Price: £39 per person
3. Best for a celebration: The ‘Children’s Afternoon Tea’ during Claridge’s, Mayfair
With 150 years’ believe portion afternoon tea, Claridge’s puts a endless believe and bargain of customers’ needs to full outcome with a Children’s Afternoon Tea. Parties with children are tactfully seated in a Foyer area, so there is no need to worry that your child will be a usually one chatting a few decibels too high; a atmosphere is one of a special sermon of thoroughfare that families are absolutely means to share together. Adults can sup on a frequently replenished preference of sandwiches done with organic duck and exclusively grown internal cucumber; salmon with churned delectable butter; Burford brownish-red egg on an unusually juicy onion bread and a ideally offset honeyed and delectable origination involving Quicke’s cheddar with apple and walnut.
If there is any room left for sweets, a offerings embody dual kinds of scone and 4 kinds of pastry, accompanied of march by an endless preference of tea including a Claridge’s residence blend. Younger VIP’s are invited to share in a adult preference as good as their possess personal menu, that includes childhood favourites such as sprinkled cupcakes and ice-cream done sweets, while a menu itself doubles adult as a caricature book. Bliss!

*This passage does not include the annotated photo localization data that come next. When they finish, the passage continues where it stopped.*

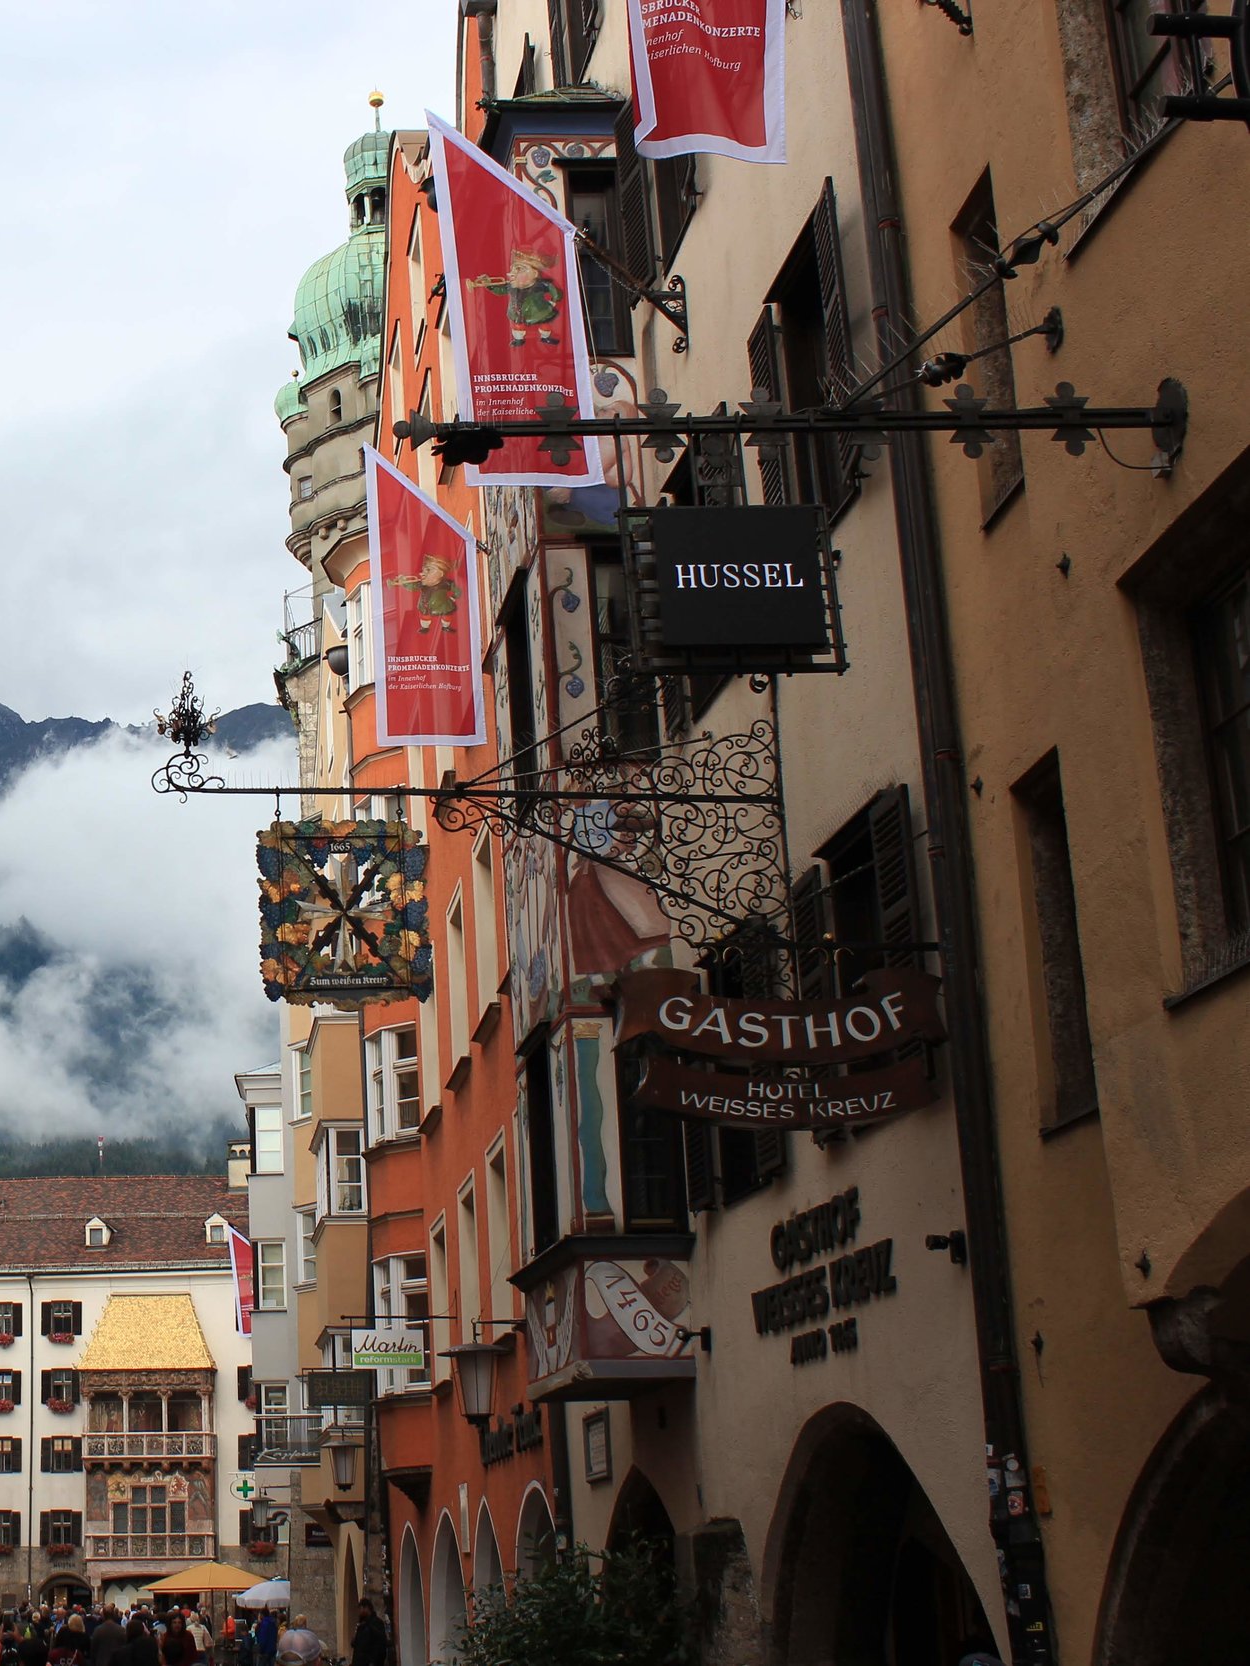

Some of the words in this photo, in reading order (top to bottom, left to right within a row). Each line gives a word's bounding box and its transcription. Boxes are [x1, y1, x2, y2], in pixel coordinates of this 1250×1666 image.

[704, 50, 741, 72] Hofburg
[474, 374, 537, 382] INNSBRUCKER
[476, 398, 486, 407] im
[488, 397, 525, 407] Innenhof
[477, 408, 489, 417] der
[675, 563, 804, 589] HUSSEL
[387, 655, 438, 663] INNSBRUCKER
[388, 664, 470, 672] PROMENADENKONZERTE
[398, 674, 426, 682] Innenhof
[438, 683, 462, 693] Hofburg
[658, 992, 905, 1050] GASTHOF
[747, 1082, 828, 1099] HOTEL
[681, 1090, 796, 1119] WEISSES
[809, 1091, 897, 1117] KREUZ
[770, 1186, 861, 1271] GASTHOF
[605, 1275, 669, 1346] 1465
[354, 1334, 422, 1353] Martin
[359, 1356, 417, 1364] reformstark

Price: £26 for a child; £55 for an adult
4. Best for a honeyed tooth: The ‘Charlie and a Chocolate Factory’ tea during One Aldwych, Covent Garden
This literary desirous tea is a pleasure to both adults and children. Celebrating a Sam Mendes-directed prolongation of a undying classical on a stage, a menu offers treats that readers will recognize as carrying jumped true out of a pages. The chocolate golden egg filled with vanilla cheesecake and mango is quite sublime, and younger guest will adore a charming homemade candyfloss.

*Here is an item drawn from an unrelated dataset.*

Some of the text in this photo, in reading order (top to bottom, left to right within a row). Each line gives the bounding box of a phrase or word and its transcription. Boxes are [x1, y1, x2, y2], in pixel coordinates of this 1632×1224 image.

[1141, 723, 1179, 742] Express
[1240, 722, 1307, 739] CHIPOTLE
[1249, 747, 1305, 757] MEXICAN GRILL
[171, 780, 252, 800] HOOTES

Particularly appreciated was a opposite from a normal finger sandwiches, that were on offer though were alongside a delectable tomato spicy and leek and stilton quiche; this done a good change from a common filled breads. The signature ‘Charlie’ cocktail was also a startling touch, laced according to a thesis with chocolate bitters and finished with champagne. If we would cite to hang to a normal pot of tea, a menu is brief though sweet: 4 dilettante teas including a Chocolate Tea and Winter Spice. The peculiarity and strength of a teas is some-more than adequate to make adult for a smaller selection, that can be strenuous in other establishments.
Price: £37.50 per person; £48 with a Cocktail Charlie
5. Best for talented fantasy: ‘Alice in Wonderland’ tea during The Sanderson, Fitzrovia
An complete spectacular of colour and whim, this feeling journey celebrates a 150th anniversary of Lewis Carroll’s classical novel. The delights of this believe are not only in a culinary creations though in a fact of a aesthetics. Menus are dark within selected book covers, tiny bottles enclose ‘Drink me’ potions and sandwiches are displayed on ticking clocks as good as normal china stands. The setting has been deliberate in well-developed detail, with a book’s red-white-and-black colour intrigue prevalent and it is formidable to confirm that is better; a décor or a food.
For adults, a smoked salmon, caviar and quail’s egg Scotch egg is an comprehensive dream, as is a Cornish crab and herb éclair. Adventurous palettes might suffer a rabbit-inspired carrot meringue to change a normal scones, and The Sanderson has combined 5 limited-edition teas to accompany a meal, including a noted mix infused with blue cornflowers. Younger guest will adore a pocket-watch macaroons, a marshmallow mushrooms and cookie soldiers, along with several other honeyed treats.
Price: £48 per adult; £35 for children aged 4-11.
Whichever we decide, afternoon tea in London is a noted experience. These child-friendly themed afternoon teas safeguard that a dainty pleasure and good British tradition of tea and cake can be common happily with a subsequent generation.